Brian Newman (New York, NY), is executive director of National Video Resources, a nonprofit organization established in 1990 by the Rockefeller Foundation. NVR assists in increasing the public's awareness of and access to independently produced media, film and video, as well as motion media delivered through the new digital technologies. Prior to joining NVR, Newman served as executive director of IMAGE Film & Video Center, producers of the Atlanta Film Festival, and as market coordinator for the Independent Feature Project in New York City, managing several awards programs including The Gordon Parks Independent Film Awards. Newman also served as assistant coordinator of media arts for the South Carolina Arts Commission, where he managed the Southern Circuit film tour. He has a masters degree in film studies from Emory University. He speaks regularly at film festivals and conferences, has served on numerous grant review panels and serves on the editorial advisory board for Art Papers magazine. He recently co-produced a feature narrative film, and consults on a variety of film projects. Newman contributes articles on independent film, new media arts and media policy to a variety of publications.
Brent Huffman (Oakland, CA) is an award-winning documentary filmmaker who recently graduated from the Graduate School of Journalism at the University of California at Berkeley. He is a former student of the documentary filmmakers Julia Reichert, Jim Klein and Steven Bognar (Seeing Red; Union Maids). For the past seven years, Huffman has been making documentaries in the cinéma vérité style about human rights violations and social issues in Ohio, California, Afghanistan, China and Puerto Rico. Past films include Cooper Park (2000), about a human rights crisis regarding a homeless epidemic in Dayton, Ohio, and Here are the Iroquois (1999), about the tragic death of a farming community in Medina, Ohio. His most recent film, Welcome to Warren, which examines life and culture at a secretive maximum-security prison in Ohio, won an honorable mention at Silverdocs 2005. Huffman was an editor of Reichert and Bognar's PBS-bound, six-hour documentary series A Lion in the House, about children battling cancer (to be completed in October 2005). He is currently completing a film about weightlifting and the historic presidential elections in Kabul, Afghanistan, entitled The Weight of the World. For more information visit www.germancamera.com.
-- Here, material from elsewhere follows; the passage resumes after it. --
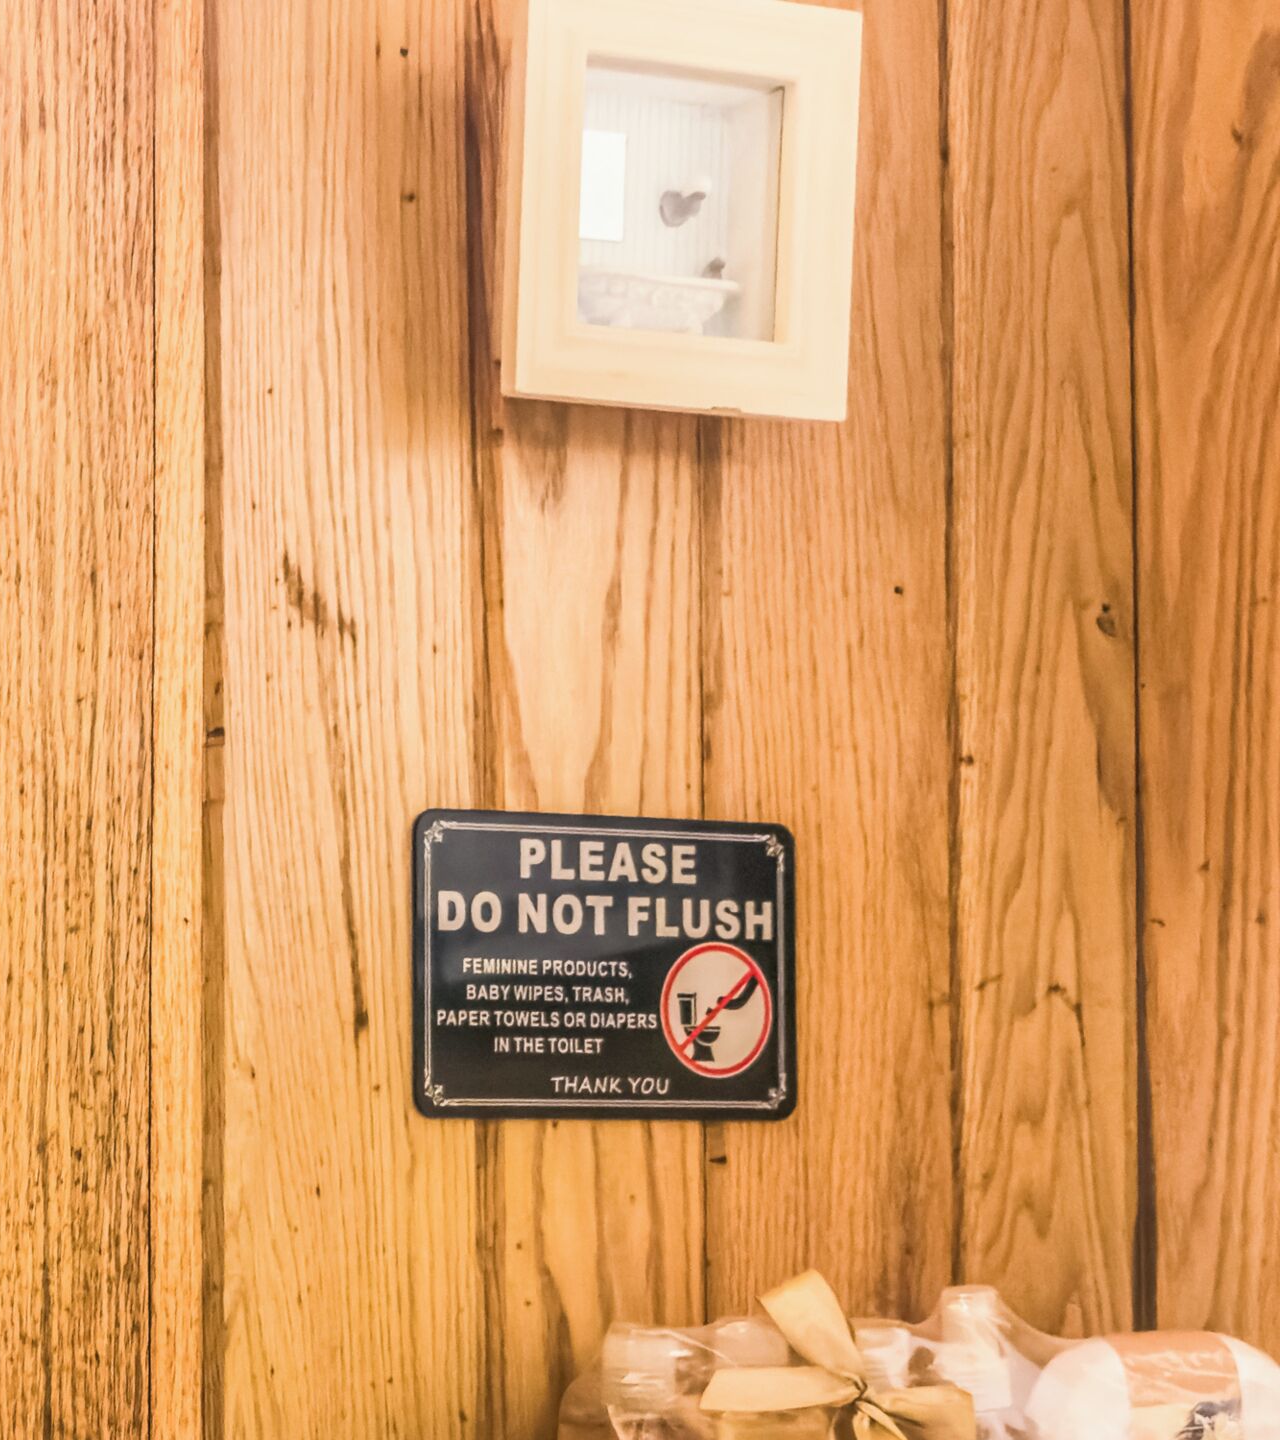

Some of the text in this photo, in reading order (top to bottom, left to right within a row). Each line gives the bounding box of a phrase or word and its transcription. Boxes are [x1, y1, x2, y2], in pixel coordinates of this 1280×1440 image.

Beth Murphy (Plymouth, MA) has been producing, directing and reporting for documentaries and television and radio news for 15 years, and is the founder of Principle Pictures. She has twice been nominated for Emmys, and is most recently the winner of a 2005 Gracie Allen Award from American Women in Radio and Television. Murphy served as the producer, director and writer for The History Channel's Flying Pyramids-Soaring Stones, which is currently airing in markets around the globe. For Breast Cancer Awareness Month 2004, Murphy produced, directed and wrote Breast Cancer Legacy for Discovery Health. Murphy is also the producer, director and writer of Lifetime Television's Fighting for Our Future, along with the documentary's companion book. She has also produced nine documentaries for public television, including programs on slavery in Sudan, environmental racism and the enormous humanitarian challenge of rebuilding Kosovo after three months of war. Murphy's articles have appeared in The Boston Globe and San Francisco Chronicle, among other publications, and she has been a guest on NBC's Today Show, NPR, The CBS Evening News and numerous other television and radio outlets. As an adjunct professor at Suffolk University and a visiting professor at American University Paris, Murphy has taught courses in covering international crises, the business of international news and media ethics. She earned a BA in history from the University of Connecticut and an MA in International Relations and International Communications from Boston University. She completed further study in documentary filmmaking at the George Washington University Center for History in the Media. www.principlepictures.com.
Aliza Sherman Risdahl (Laramie, WY), president of Moonbow Productions, Inc., is an award-winning writer, producer, speaker, teacher and entrepreneur. She recently produced a 12-part documentary series for Wyoming Public Television entitled Wyoming Families First that explored the social issues faced by families and children in the state. She is currently working on a feature-length documentary about miscarriage called Babyfruit and is working on several book projects including a miscarriage handbook. She also produces radio segments for Wyoming Public Radio. She is a published author and nationally published freelance writer for magazines including Entrepreneur and Home Business. Her books include PowerTools for Women in Business: 10 Ways to Succeed in Life and Work and Cybergrrl@Work: Tips and Inspiration for the Professional You. In 2004, she was recognized as the Small Business Administration's Wyoming Small Business Journalist of the Year. In 1995, she founded Cybergrrl, Inc., the first woman-owned full-service Internet company, and Webgrrls International, the first and largest global organization for women interested in the Internet. She has been featured in national publications such as People, USA Today, and Newsweek and has appeared on CNN, MSNBC, CNBC and CBS News, among many others.